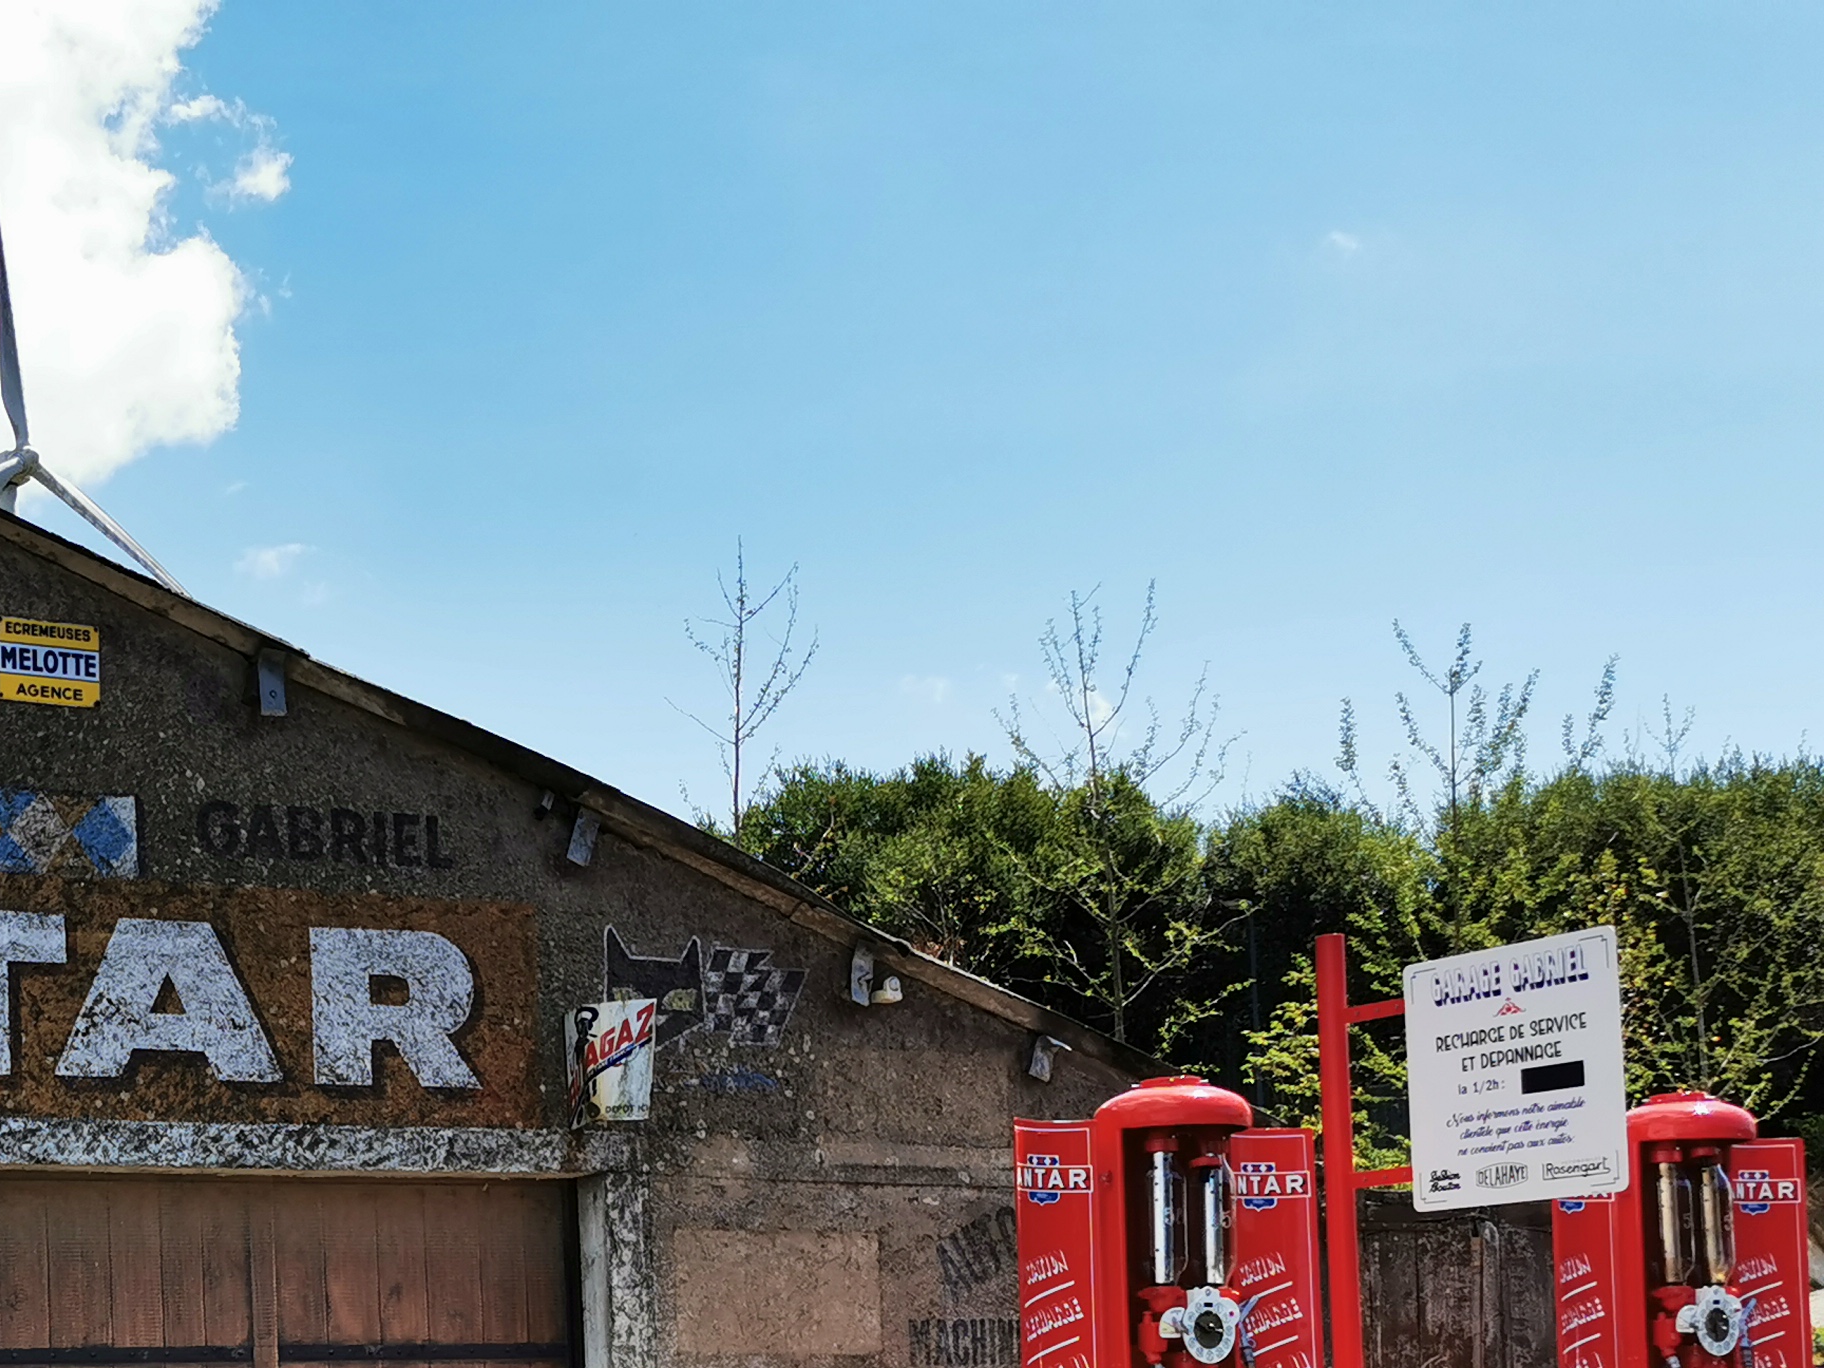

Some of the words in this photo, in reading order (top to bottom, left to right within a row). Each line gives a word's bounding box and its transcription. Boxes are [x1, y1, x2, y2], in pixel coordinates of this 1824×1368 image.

[5, 621, 91, 642] ECREMEUSES
[1, 645, 97, 678] MELOTTE
[16, 683, 84, 701] AGENCE
[198, 802, 455, 870] GABRIEL
[1431, 960, 1502, 1007] GARAGE
[1509, 944, 1589, 993] GABRIEL
[584, 1002, 654, 1072] AGAZ
[1435, 1026, 1505, 1053] RECHARGE
[1510, 1024, 1524, 1040] DE
[1529, 1012, 1587, 1037] SERVICE
[1461, 1056, 1475, 1072] ET
[1480, 1041, 1562, 1069] DEPANNAGE
[1017, 1166, 1087, 1189] ANTAR
[1478, 1160, 1527, 1186] DELAHAYE
[1545, 1156, 1609, 1179] Rosengart
[1237, 1174, 1304, 1195] NTAR
[1732, 1181, 1795, 1200] NTAR

WORK TO BE COMPLETED:
Return the entries verbatim, pictures excluded.

ANSWER SPACE:
Some of the words in this photo, in reading order (top to bottom, left to right within a row). Each line gives a word's bounding box and its transcription. Boxes are [x1, y1, x2, y2], in pixel coordinates of this 1824×1368 image.

[5, 621, 91, 642] ECREMEUSES
[1, 645, 97, 678] MELOTTE
[16, 683, 84, 701] AGENCE
[198, 802, 455, 870] GABRIEL
[1431, 960, 1502, 1007] GARAGE
[1509, 944, 1589, 993] GABRIEL
[584, 1002, 654, 1072] AGAZ
[1435, 1026, 1505, 1053] RECHARGE
[1510, 1024, 1524, 1040] DE
[1529, 1012, 1587, 1037] SERVICE
[1461, 1056, 1475, 1072] ET
[1480, 1041, 1562, 1069] DEPANNAGE
[1017, 1166, 1087, 1189] ANTAR
[1478, 1160, 1527, 1186] DELAHAYE
[1545, 1156, 1609, 1179] Rosengart
[1237, 1174, 1304, 1195] NTAR
[1732, 1181, 1795, 1200] NTAR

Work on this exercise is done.